I stood there, feeling helpless, as she moved away and started pacing back and forth in front of me. After a long moment she let out a humorless laugh. “I didn’t think getting married would be this complicated. When he asked me to marry him, I didn’t think past the fact that I was going to become Mrs. Harris Cutter and spend the rest of my life with the boy who has always been my best friend. Then Mom and Natalie started planning and it felt like I was suddenly invisible. I should have put my foot down then, but they were so happy and their joy took me hostage.”

“You don’t have to do this if you don’t want to,” I assured her. “Vegas was good enough for your parents and Harris’s. It’s a short plane ride, sweetheart.”
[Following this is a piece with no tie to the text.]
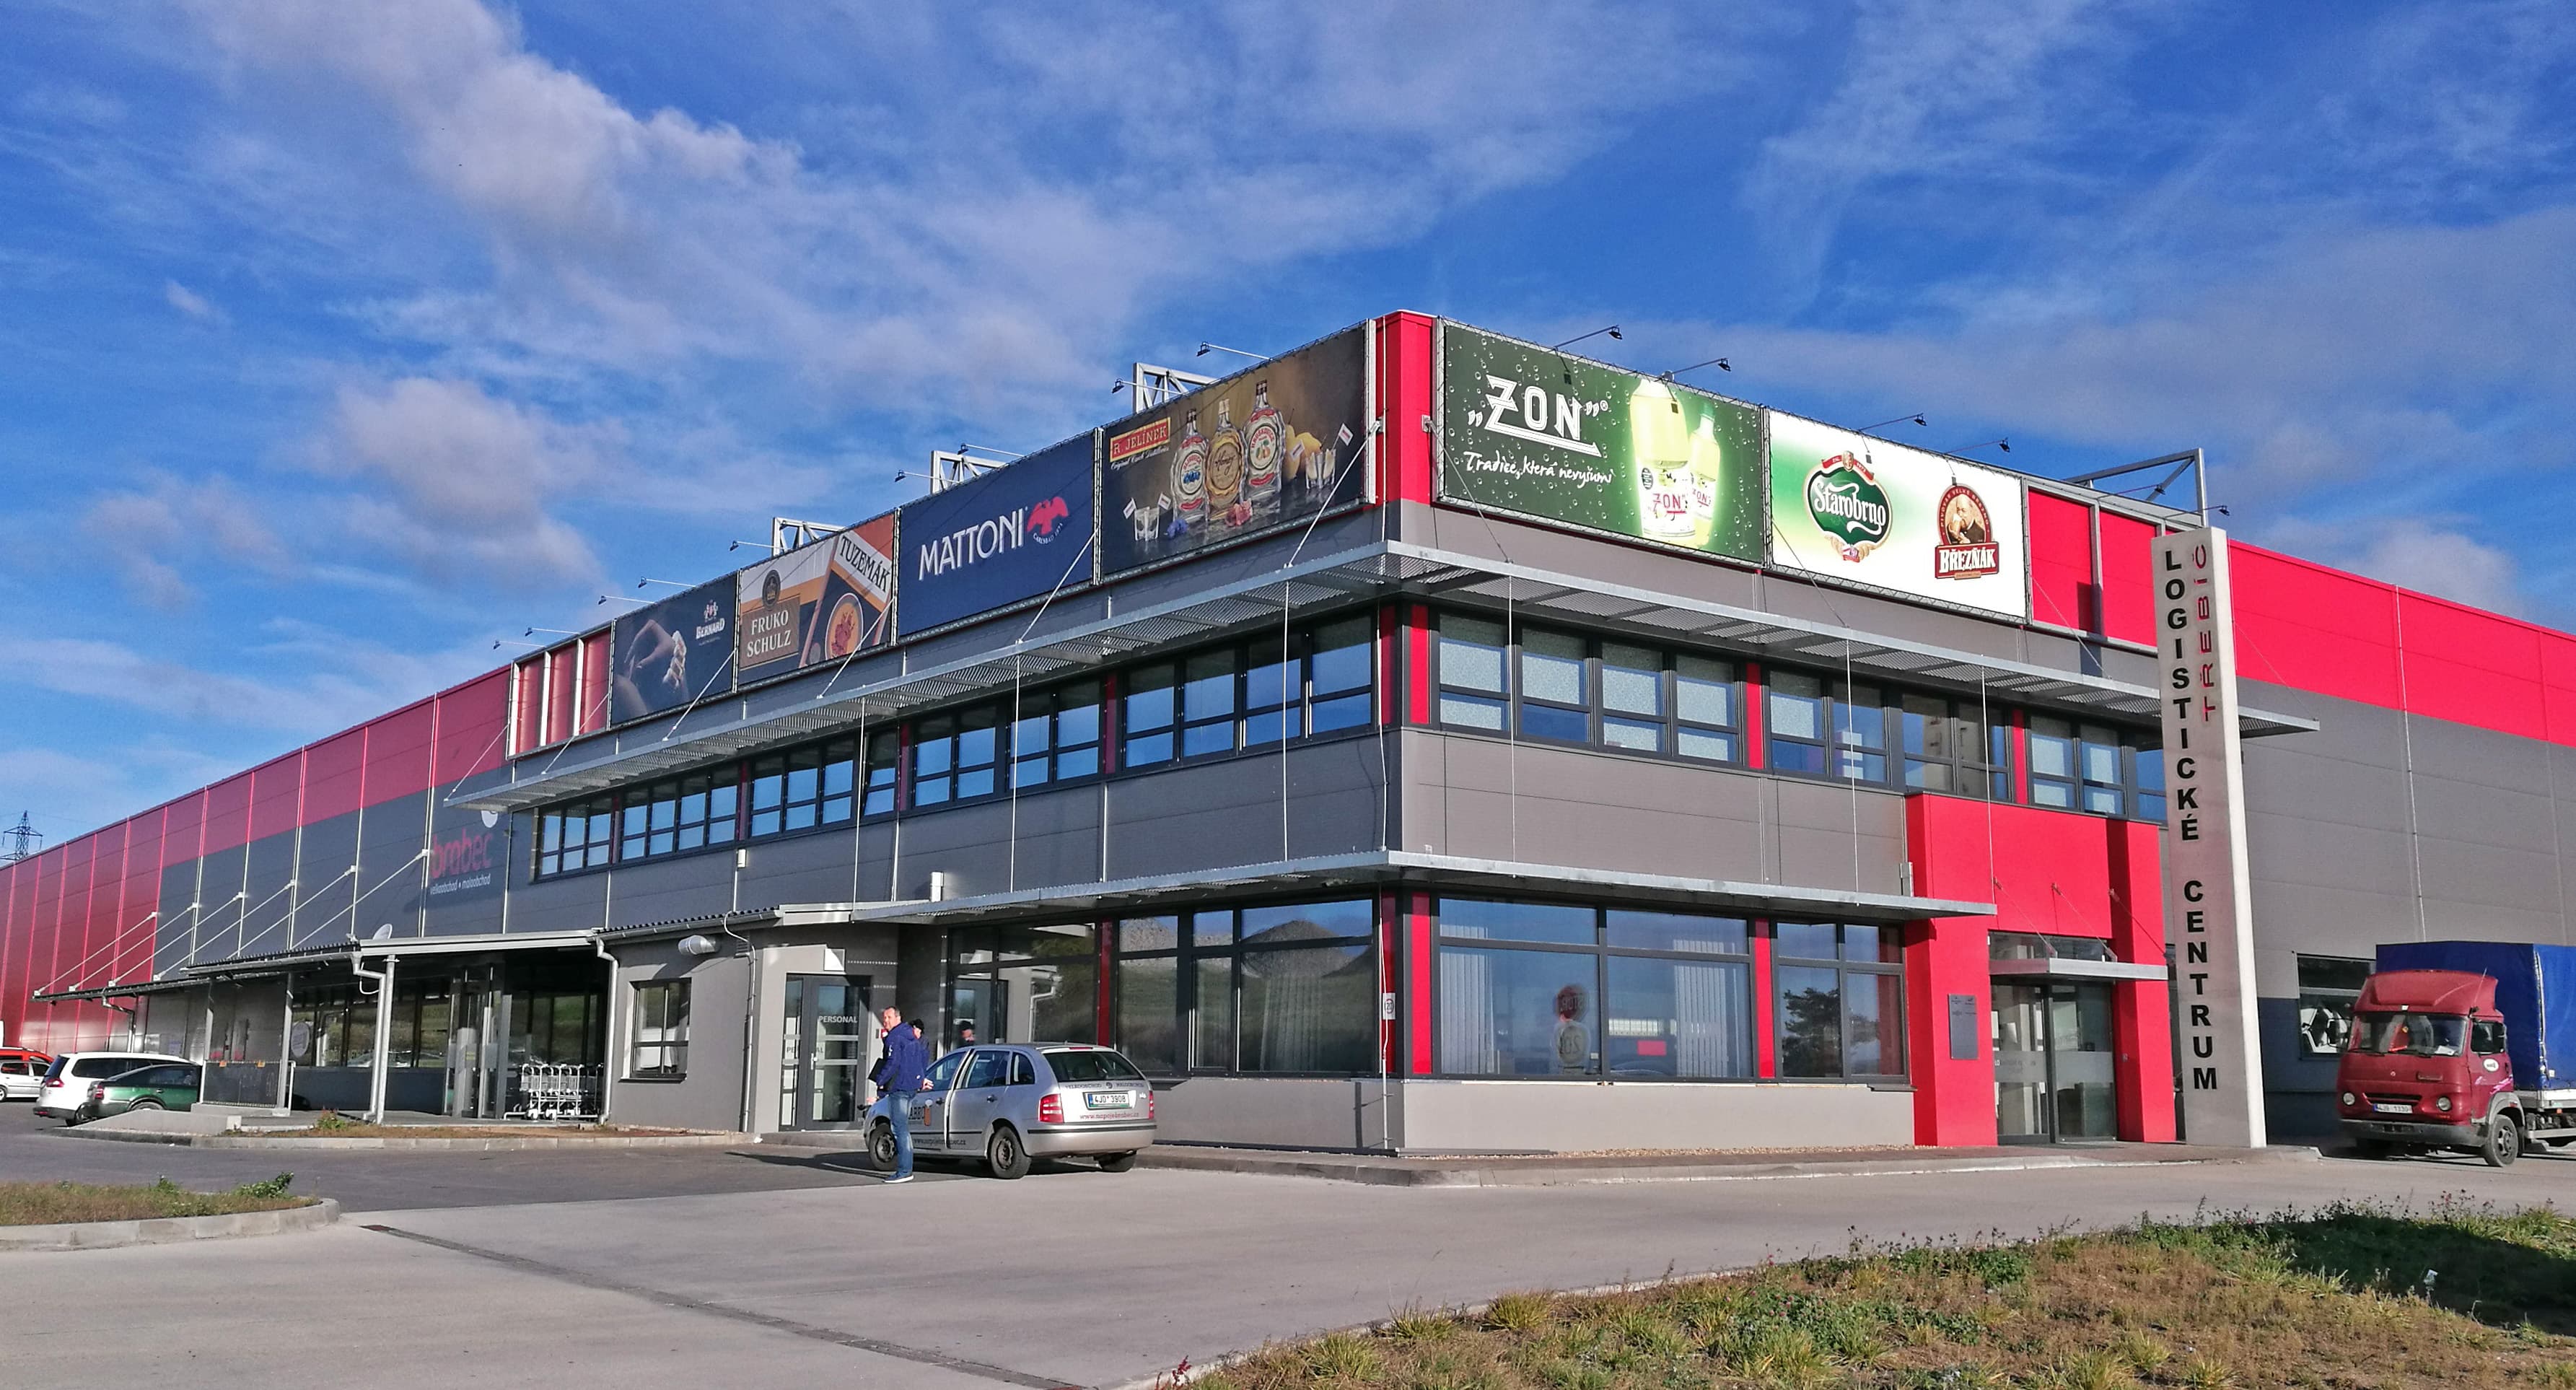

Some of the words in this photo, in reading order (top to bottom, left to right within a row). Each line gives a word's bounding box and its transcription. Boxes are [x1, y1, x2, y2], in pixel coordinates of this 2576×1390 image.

She pushed her curls back from her beautiful face, a face that was pale and drawn. “I think about that every damn day, Drake. I want to just grab Harris and run away and come back a week later married, and they probably wouldn’t even notice we were gone.”

“So do it.”

Her dark eyes lost the frustration and became sad, which was like a punch to the gut. I’d loved and watched over this girl who was now a woman since she was six years old. Now she was almost twenty and yet all I saw was that sweet little girl whose favorite word had been ‘awesome’ and her biggest fear had been whether or not she could get the stories she was so talented at creating perfect. A thousand lifetimes had happened between then and now. She’d lived through a hundred different nightmares. I would have given anything to wipe those nightmares from her mind and replace them with happier memories.

“This wedding means a lot to them,” she told me with a slight quiver in her voice. “And if I’m honest, it means a lot to me too. I’ve bonded with my mother and Nat over the last few months. I feel like I’m the bridge that is connecting the Thorntons and the Cutters, and part of me loves that.”
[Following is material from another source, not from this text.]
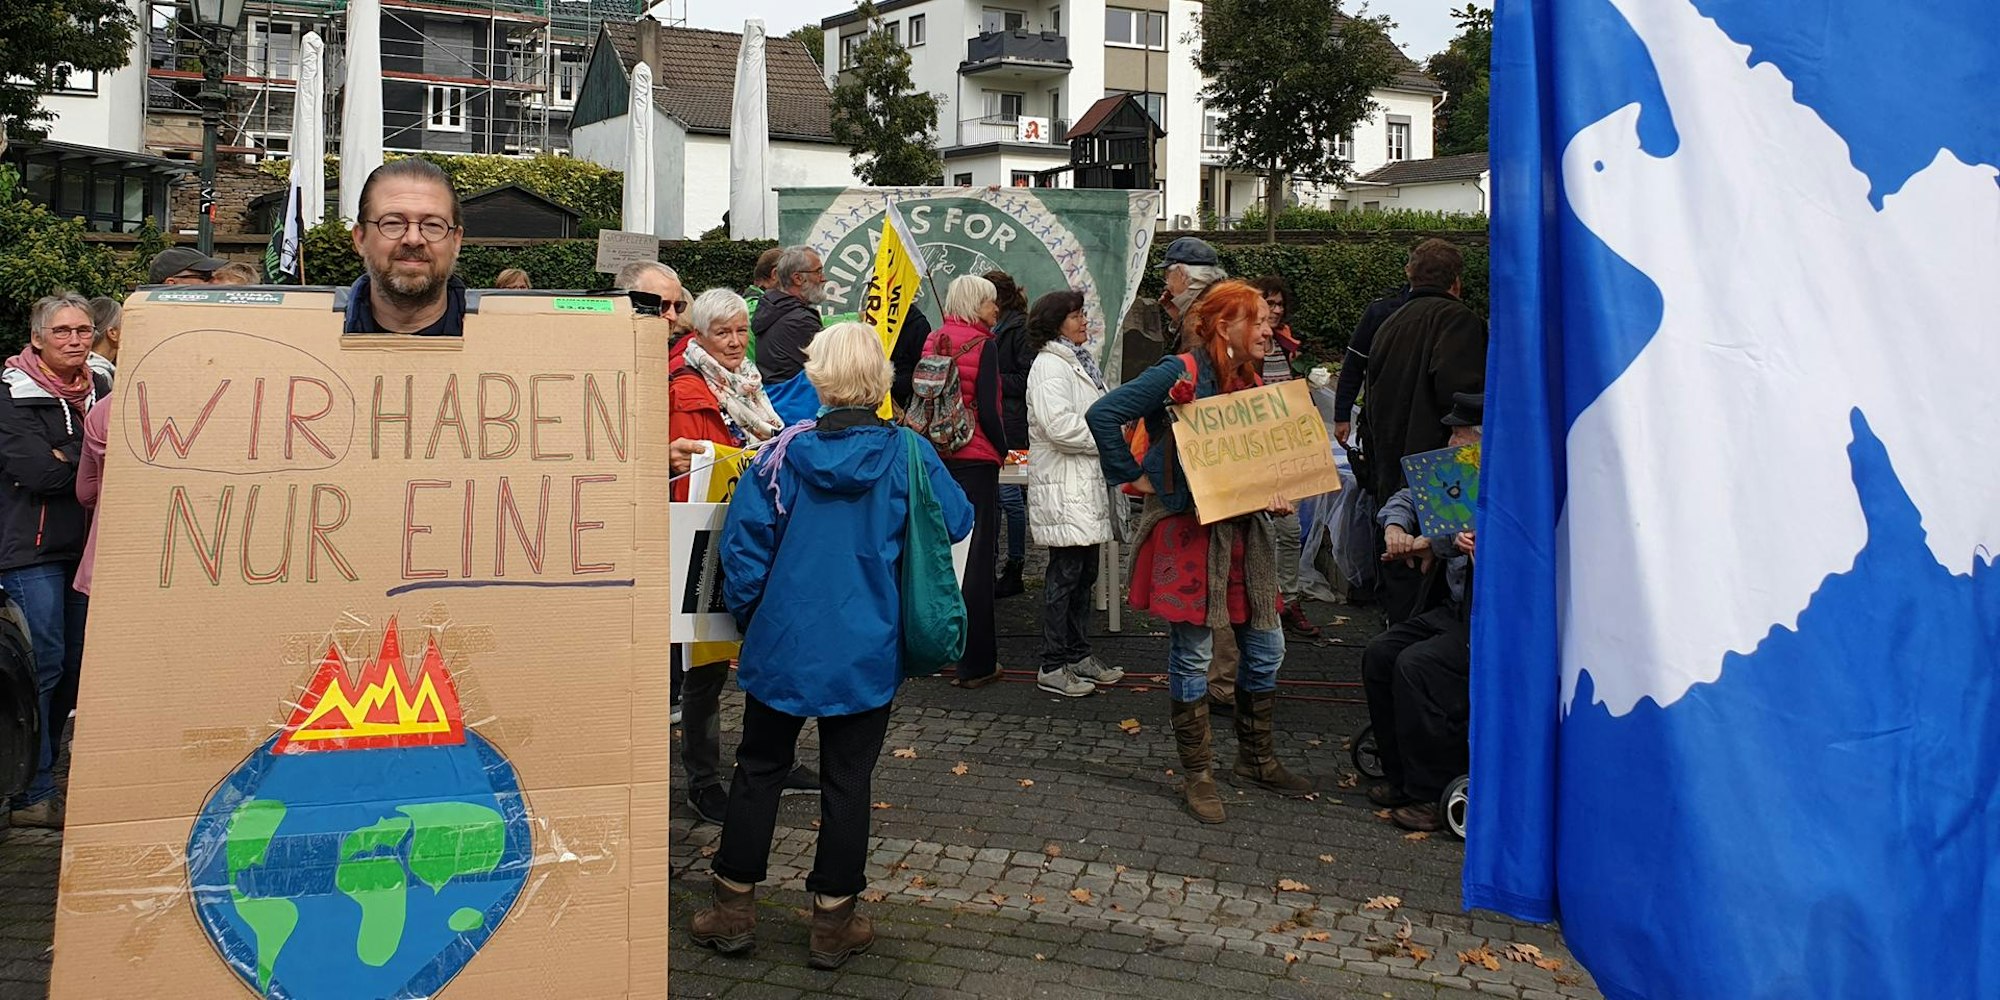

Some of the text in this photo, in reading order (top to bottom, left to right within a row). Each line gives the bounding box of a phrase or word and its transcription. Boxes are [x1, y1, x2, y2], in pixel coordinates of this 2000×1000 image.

“Lucy, you can be that bridge regardless of if you have a huge-ass wedding or if you have something much smaller. It’s not the size of the wedding that matters in the long run, sweetheart. It’s that you’ll be married to Harris. That’s all that will ever matter.” I caught her arms when she bit into her bottom lip so hard I knew she was going to draw blood. I knew drawing blood was what she wanted to do, that just that small pain would ground her. “Have you talked to Harris about this?”
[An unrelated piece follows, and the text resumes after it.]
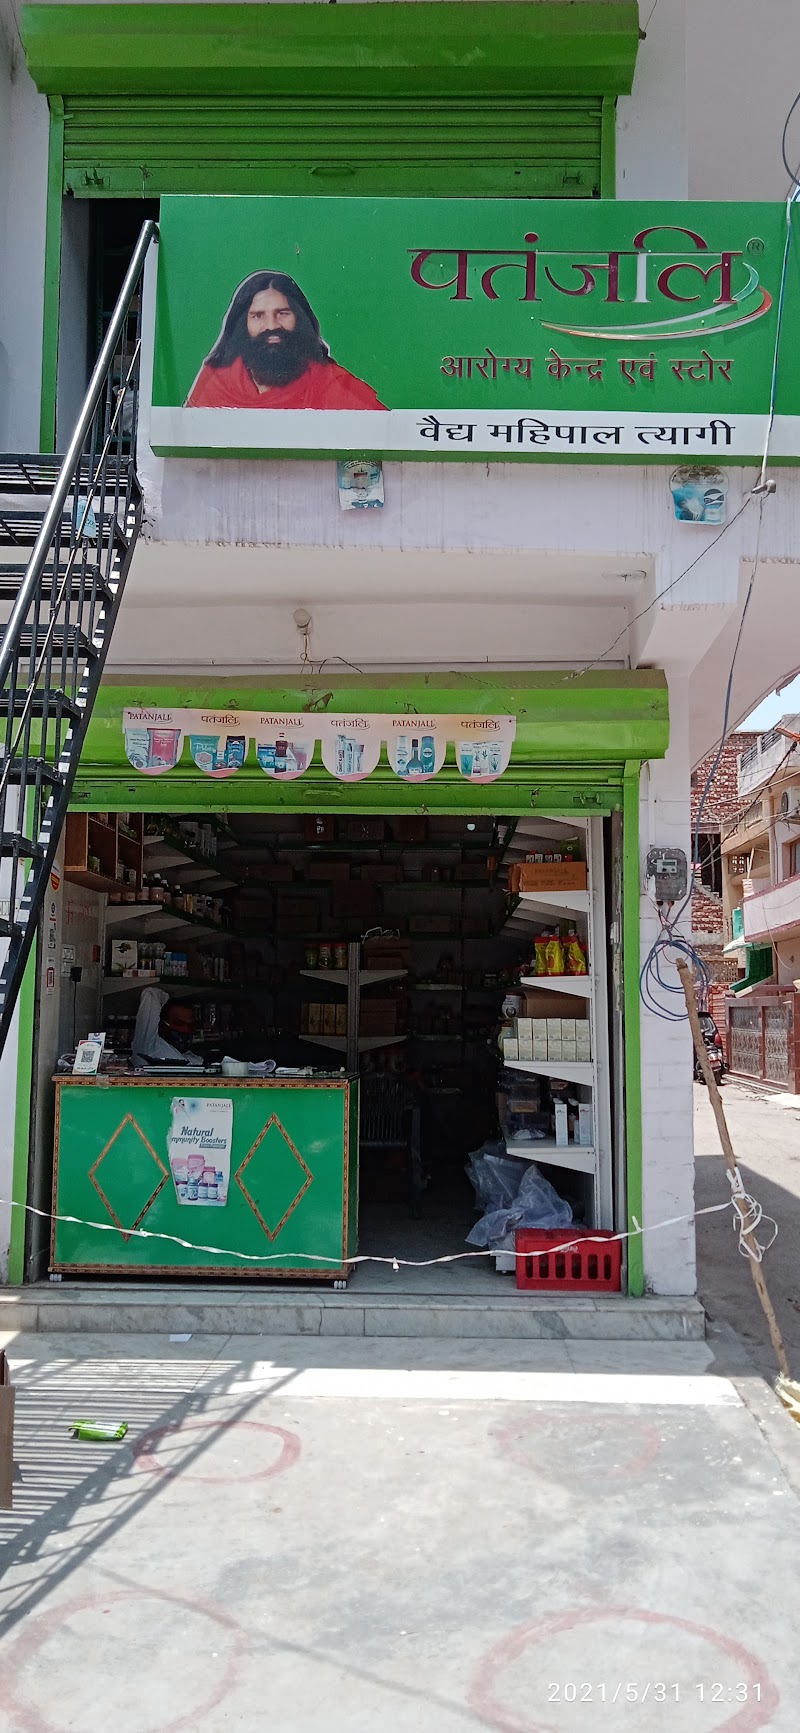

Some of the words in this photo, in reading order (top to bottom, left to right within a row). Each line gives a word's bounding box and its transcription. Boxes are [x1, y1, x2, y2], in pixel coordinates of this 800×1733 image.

She released the hold she had on her lip and shook her head, looking away. “He knows something has been bothering me, but I haven’t told him what. All he has to do is nod or shake his head about a few little decisions. He likes that Natalie is making our wedding such a big deal. She’s happy and that makes him happy. And he deserves to be happy, Dray.”

“Who do you think he wants to be happier? You or Natalie?” She sighed but didn’t say anything. “You, Lucy. He wants you to be happy. That boy loves you with every breath in his body. He’d do anything in the world to make you smile at him. Tell him.”

Her shoulders drooped and after only a slight hesitation she finally nodded her head. “Okay. You’re right. I’ll talk to him tonight.” She wrapped her arms around my waist, giving me a tight squeeze. “Thank you for being my sanity so much these past few months.”

I hugged her back. Dropping a kiss on top of her curly head, I kept one arm around her as we continued our walk. We’d walked another block before she spoke again. “I’ll be here by ten next Sunday.”

I tensed but nodded. “Sounds good. Thanks for helping me with this, Lu.” I frowned at nothing in the distance, trying to stop my mind from going down the road that it was hell-bent on traveling lately.

Lucy was going to watch the girls at my house while I took Lana away for a few days. It had been hard deciding who to get to watch my girls. Ideally I would have picked Layla and Jesse but they were going to Paris for two weeks to celebrate their wedding anniversary. For me, their wedding day was a kind of an anniversary too. One I didn’t want to remember, yet at the same time, there were parts I was dying to remember.

I only hoped my plan worked and that the shit that had been keeping me from sleeping lately would disappear, or at least give me just enough peace to make this time of year easier for me.